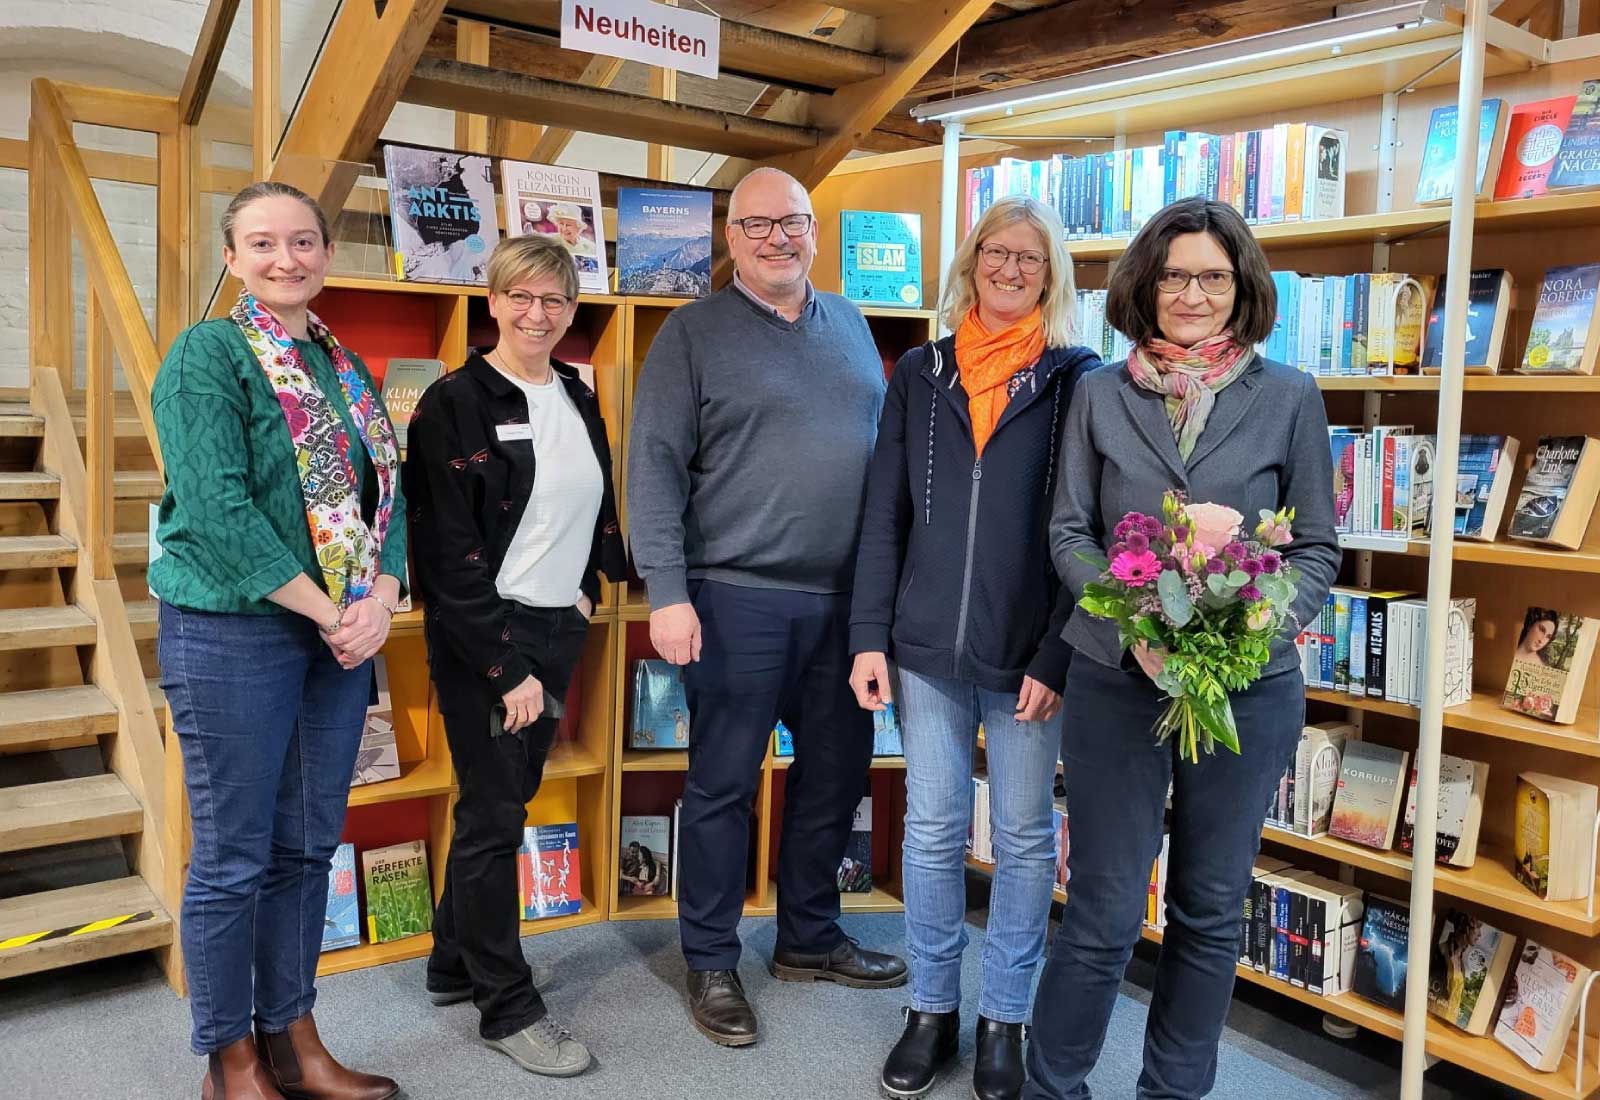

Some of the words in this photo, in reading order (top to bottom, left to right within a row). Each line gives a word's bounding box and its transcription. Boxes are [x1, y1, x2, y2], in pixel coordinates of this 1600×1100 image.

[574, 4, 706, 57] Neuheiten
[407, 184, 449, 203] ANT
[517, 178, 580, 197] ELIZABETH
[408, 201, 481, 222] ARKTIS
[642, 205, 690, 216] BAYERNS
[1541, 277, 1583, 293] NORA
[1539, 288, 1597, 304] ROBERTS
[384, 400, 419, 413] ANGS
[1535, 445, 1580, 461] Charlotte
[1384, 449, 1395, 480] KRAFT
[1541, 459, 1563, 474] Link
[1370, 611, 1383, 655] NIEMALS
[1343, 767, 1396, 786] KORRUPT
[1436, 837, 1457, 849] OYES
[371, 856, 423, 875] PERFEKTE
[372, 870, 408, 885] RASEN

•••••

> [EXERCISE DIRECTIONS]: Copy out the entries verbatim, but skip every picture.

> [RESULT OF THE TASK]:
Some of the words in this photo, in reading order (top to bottom, left to right within a row). Each line gives a word's bounding box and its transcription. Boxes are [x1, y1, x2, y2], in pixel coordinates of this 1600×1100 image.

[574, 4, 706, 57] Neuheiten
[407, 184, 449, 203] ANT
[517, 178, 580, 197] ELIZABETH
[408, 201, 481, 222] ARKTIS
[642, 205, 690, 216] BAYERNS
[1541, 277, 1583, 293] NORA
[1539, 288, 1597, 304] ROBERTS
[384, 400, 419, 413] ANGS
[1535, 445, 1580, 461] Charlotte
[1384, 449, 1395, 480] KRAFT
[1541, 459, 1563, 474] Link
[1370, 611, 1383, 655] NIEMALS
[1343, 767, 1396, 786] KORRUPT
[1436, 837, 1457, 849] OYES
[371, 856, 423, 875] PERFEKTE
[372, 870, 408, 885] RASEN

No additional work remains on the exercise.